1. Ask a Question: The most valuable thing a QA can do is to ask the right questions. Is this feature supposed to work this way? Could this functionality be broken if I do this? How will this affect existing functionality? What does this mean for the user experience?
2. Do research: Talk to the engineers, look at the documentation, discuss with your fellow testers. Stand up meetings are a great time to hear what developers are up to and to ask any questions you have run into on those features.
3. Construct Hypothesis: Determine how the feature should work and all the ways you need to verify that it passes when it is supposed to pass and fails when it is supposed to fail. Write your automated and manual test cases
4. Test: Run test cases
5. Analyze Results: Evaluate what is failing and why. It is not enough to know that a feature has an issue, you need to know what exactly reproduces it? If you spend a moment looking at it, perhaps you will find related issues or other ways it can be reproduced.

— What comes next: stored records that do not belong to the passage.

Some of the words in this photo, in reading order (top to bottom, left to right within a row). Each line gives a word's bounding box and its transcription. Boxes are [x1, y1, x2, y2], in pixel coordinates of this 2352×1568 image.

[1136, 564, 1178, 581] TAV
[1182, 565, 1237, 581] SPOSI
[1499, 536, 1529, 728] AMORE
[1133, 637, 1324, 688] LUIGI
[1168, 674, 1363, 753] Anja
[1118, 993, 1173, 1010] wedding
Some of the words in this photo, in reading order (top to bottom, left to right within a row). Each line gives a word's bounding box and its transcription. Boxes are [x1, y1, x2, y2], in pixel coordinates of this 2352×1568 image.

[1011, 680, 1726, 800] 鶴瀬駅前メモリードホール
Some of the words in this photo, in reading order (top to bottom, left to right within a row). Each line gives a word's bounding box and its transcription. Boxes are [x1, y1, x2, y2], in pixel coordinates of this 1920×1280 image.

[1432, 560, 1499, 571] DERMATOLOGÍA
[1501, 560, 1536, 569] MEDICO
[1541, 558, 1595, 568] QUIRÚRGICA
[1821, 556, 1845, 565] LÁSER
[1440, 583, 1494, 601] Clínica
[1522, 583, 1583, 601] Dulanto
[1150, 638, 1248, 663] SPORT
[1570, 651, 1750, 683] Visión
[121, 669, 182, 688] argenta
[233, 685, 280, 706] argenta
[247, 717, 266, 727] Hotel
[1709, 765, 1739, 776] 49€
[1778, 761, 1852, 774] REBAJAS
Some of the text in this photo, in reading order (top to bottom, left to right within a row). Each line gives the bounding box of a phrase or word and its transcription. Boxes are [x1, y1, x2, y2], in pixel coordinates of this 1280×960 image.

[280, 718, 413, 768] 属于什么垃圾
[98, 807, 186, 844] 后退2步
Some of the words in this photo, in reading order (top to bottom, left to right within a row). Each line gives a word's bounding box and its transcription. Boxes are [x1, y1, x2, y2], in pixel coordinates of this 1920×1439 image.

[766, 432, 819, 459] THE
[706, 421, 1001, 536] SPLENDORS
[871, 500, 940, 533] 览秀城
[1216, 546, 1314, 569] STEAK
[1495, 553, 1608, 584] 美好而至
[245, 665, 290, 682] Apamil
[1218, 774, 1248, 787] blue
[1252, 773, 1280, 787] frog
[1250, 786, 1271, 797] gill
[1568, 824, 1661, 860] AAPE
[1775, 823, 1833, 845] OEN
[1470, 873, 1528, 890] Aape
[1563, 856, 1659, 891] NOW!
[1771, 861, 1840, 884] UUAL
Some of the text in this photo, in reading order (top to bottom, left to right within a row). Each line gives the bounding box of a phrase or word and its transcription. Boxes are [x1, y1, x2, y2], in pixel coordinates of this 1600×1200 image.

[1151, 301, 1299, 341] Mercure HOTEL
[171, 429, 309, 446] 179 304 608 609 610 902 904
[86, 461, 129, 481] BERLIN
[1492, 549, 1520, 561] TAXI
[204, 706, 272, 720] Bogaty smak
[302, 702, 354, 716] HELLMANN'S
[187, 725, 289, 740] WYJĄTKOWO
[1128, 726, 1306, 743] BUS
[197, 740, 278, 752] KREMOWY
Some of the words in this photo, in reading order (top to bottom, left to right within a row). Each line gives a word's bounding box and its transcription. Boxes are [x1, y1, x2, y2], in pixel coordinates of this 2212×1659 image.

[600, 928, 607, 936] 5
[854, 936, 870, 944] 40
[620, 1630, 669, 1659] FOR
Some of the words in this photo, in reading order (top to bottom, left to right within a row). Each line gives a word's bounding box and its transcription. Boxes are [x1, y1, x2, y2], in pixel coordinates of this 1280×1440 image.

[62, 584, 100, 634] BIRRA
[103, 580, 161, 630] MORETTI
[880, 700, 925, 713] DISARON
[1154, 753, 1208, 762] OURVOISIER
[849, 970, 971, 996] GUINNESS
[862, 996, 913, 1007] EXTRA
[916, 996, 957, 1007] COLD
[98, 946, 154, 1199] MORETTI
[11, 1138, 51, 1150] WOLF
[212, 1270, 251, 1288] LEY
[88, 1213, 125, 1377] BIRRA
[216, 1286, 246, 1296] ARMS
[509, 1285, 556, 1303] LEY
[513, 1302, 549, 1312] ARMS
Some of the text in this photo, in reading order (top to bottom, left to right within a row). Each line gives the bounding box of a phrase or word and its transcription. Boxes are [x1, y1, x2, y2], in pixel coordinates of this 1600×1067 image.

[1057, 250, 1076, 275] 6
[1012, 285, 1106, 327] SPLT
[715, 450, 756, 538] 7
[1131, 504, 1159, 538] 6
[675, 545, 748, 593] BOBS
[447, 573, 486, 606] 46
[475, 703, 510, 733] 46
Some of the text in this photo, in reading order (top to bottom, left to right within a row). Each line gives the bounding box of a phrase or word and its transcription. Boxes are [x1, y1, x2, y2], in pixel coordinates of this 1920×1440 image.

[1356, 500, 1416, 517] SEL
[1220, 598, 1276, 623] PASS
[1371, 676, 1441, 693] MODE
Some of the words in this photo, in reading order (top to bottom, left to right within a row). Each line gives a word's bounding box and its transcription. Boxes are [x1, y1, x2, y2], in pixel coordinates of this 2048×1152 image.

6. Report results: Carefully fill out your bug report. Stick to a bug filing standard. Spell check. Make sure that anyone could understand your bug and the information you have gathered from it.
7. Be prepared to test again. Bug fixes always bring with them the risk of inserting more bugs. Don’t just verify a bug fix, test the bug fix. It should get the same attention that the original feature did. Be aware that you may have uncovered a cluster of bugs or a series of new bugs that have appeared since the fix, so look at it with fresh eyes.